Cette veille de Fête Nationale laisse ma siamoise un tantinet songeuse....






"Il n'y a pas besoin de sculpture dans une maison qui a un chat." Wesley Bates

samedi 3 mars 2007

Plaisir des yeux


"Peut-être les japonais savent-ils qu'on ne goûte un plaisir que parce qu'on le sait éphémère et unique et, au-delà de ce savoir, sont-ils capables d'en tisser leur vie."

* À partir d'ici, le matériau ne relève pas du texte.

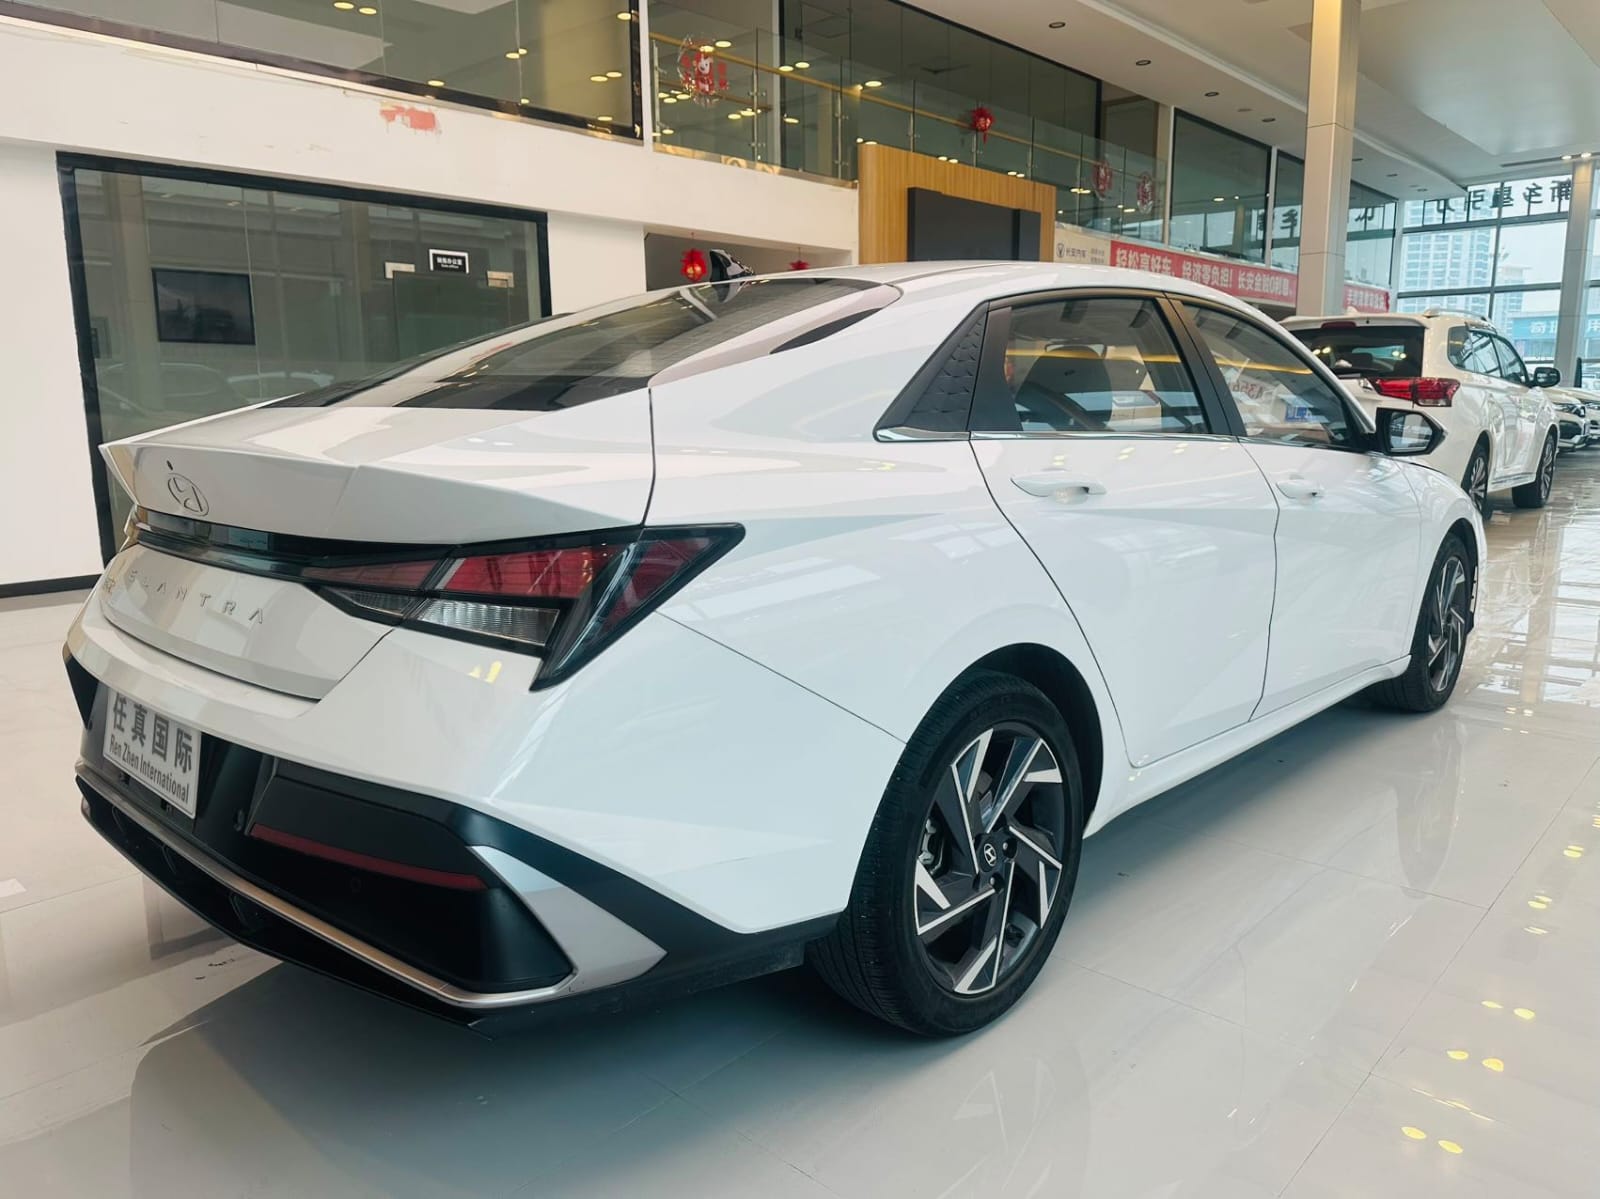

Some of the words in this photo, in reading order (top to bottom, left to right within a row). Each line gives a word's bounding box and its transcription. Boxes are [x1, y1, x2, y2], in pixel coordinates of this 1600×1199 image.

[129, 570, 264, 624] ELANTRA
[113, 691, 193, 774] 任真国际
[109, 734, 122, 755] Ren
[122, 741, 139, 770] Zhen
[140, 754, 190, 804] International

Muriel Barbery in "L'élégance du hérisson" (p 173)

jeudi 1 mars 2007

Rituel du thé


"Le rituel du thé, cette reconduction précise des mêmes gestes et de la même dégustation, cette accession à des sensations simples, authentiques et raffinées, cette licence donnée à chacun, à peu de frais, de devenir un aristocrate du goût parce que le thé est la boisson des riches comme elle est celle des pauvres, le rituel du thé, donc, a cette vertu extraordinaire d'introduire dans l'absurdité de nos vie une brèche d'harmonie sereine. Oui, l'univers conspire à la vacuité, les âmes perdues pleurent la beauté, l'insignifiance nous encercle. Alors; buvons une tasse de thé. Le silence se fait, on entend le vent qui souffle au-dehors, les feuilles d'automne bruissent et s'envolent, le chat dort dans une chaude lumière. Et, dans chaque gorgée, se sublime le temps."

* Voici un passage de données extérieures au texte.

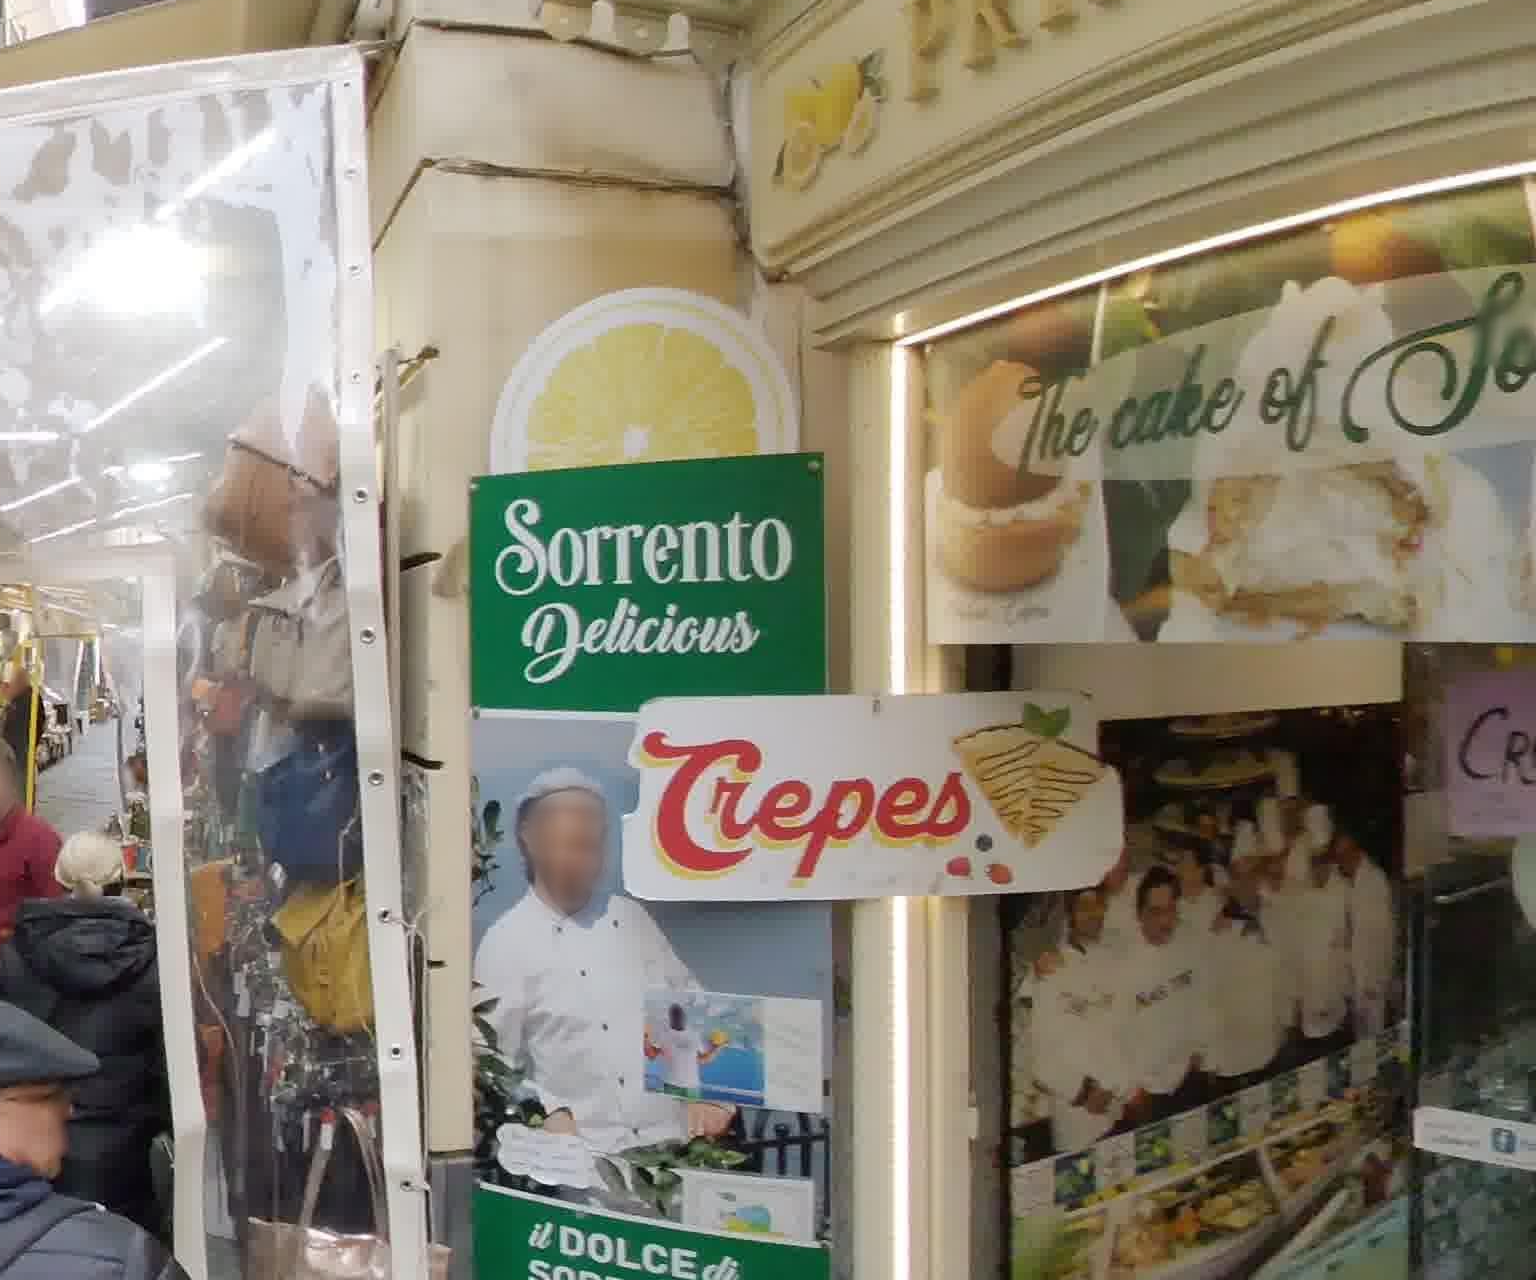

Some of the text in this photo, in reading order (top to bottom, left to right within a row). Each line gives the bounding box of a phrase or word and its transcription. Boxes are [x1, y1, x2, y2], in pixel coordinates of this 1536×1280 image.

Muriel Barbery in "L'élégance du hérisson" (p 94)

mercredi 7 février 2007

Une feuille verte....


Je n'avais pas parlé depuis longtemps d'une de mes passions: le thé.
Une citation glanée sur le thé des écrivains:


"Lart du thé en général implique l'harmonie entre les Trois Pouvoirs : le ciel, la terre et l'homme. Le ciel fournit la lumière du soleil, la brume et la pluie qui sont nécessaires à la culture du thé ; la terre donne le sol qui nourrit les plantes du thé, l'argile qui sert à façonner toutes sortes de céramiques dont on use pour le thé, les sources jaillissant du rocher qui procurent l'eau pure pour l'infusion. A cela l'homme ajoute le talent qui associe les feuilles de thé, l'eau et les céramiques pour donner naissance à un art plein de séductions." John Blofeld in "Thé et Tao"

mardi 2 janvier 2007

La liberté du mot...





"Un mot qu'on a laissé s'envoler ne se laisse plus jamais rattraper par l'aile." Luther

samedi 30 décembre 2006

L'instant-Thé


En cette fin d'après-midi pluvieuse et sombre....un précieux moment autour d'un bol de thé:
"Le premier bol onctueusement humecte lèvres et gosier;
Le deuxième bannit toute ma solitude;
Le troisième dissipe la lourdeur de mon esprit,
Affinant l'inspiration acquise par tous les livres que j'ai lus.
Le quatrième produit une légère transpiration,
Dispersant par mes pores les afflictions de toute une vie.
Le cinquième bol purifie tous les atomes de mon être.
Le sixième me fait de la race des Immortels.
Le septième est le dernier... je n'en puis boire davantage.
Une brise légère sort de mes aisselles."
Lu Tong : "les sept bols de thé"

lundi 25 décembre 2006

Ils ont dit...


"L'enfance c'est de croire qu'avec le sapin de Noël et trois flocons de neige toute la terre est changée."
André Laurendeau
"J'ai entendu les cloches de Noël-J'ai écouté les vieux chants familiers-Et leurs mots puissants et doux rappellent-Paix sur Terre aux hommes de bonne volonté!"
Henry Wadsworth Longfellow
"Pour préparer un arbre de Noël, il faut trois choses, outre les ornements et l'arbre, la foi dans les beaux jours à venir."
Zahrad

mercredi 20 décembre 2006

Une tasse de calme


"Le thé n'est rien d'autre que ceci:
Faire chauffer de l'eau
Préparer le thé
Et le boire convenablement.
C'est tout ce qu'il vous faut savoir."
Sen Rikyû

"Ils prennent en songeant les nobles attitudes
Des grands sphinx allongés au fond des solitudes,
Qui semblent s'endormir dans un rêve sans fin."